What is being asked: An exact copy of all the data is the required output.

┌─ Source information

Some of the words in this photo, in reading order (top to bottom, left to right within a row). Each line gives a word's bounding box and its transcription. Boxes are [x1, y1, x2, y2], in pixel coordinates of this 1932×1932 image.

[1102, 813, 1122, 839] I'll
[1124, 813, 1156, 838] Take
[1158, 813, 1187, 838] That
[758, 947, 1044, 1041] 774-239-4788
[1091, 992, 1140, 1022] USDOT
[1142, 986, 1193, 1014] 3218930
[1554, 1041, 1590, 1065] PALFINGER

└─

Response to the task:
Some of the words in this photo, in reading order (top to bottom, left to right within a row). Each line gives a word's bounding box and its transcription. Boxes are [x1, y1, x2, y2], in pixel coordinates of this 1932×1932 image.

[1102, 813, 1122, 839] I'll
[1124, 813, 1156, 838] Take
[1158, 813, 1187, 838] That
[758, 947, 1044, 1041] 774-239-4788
[1091, 992, 1140, 1022] USDOT
[1142, 986, 1193, 1014] 3218930
[1554, 1041, 1590, 1065] PALFINGER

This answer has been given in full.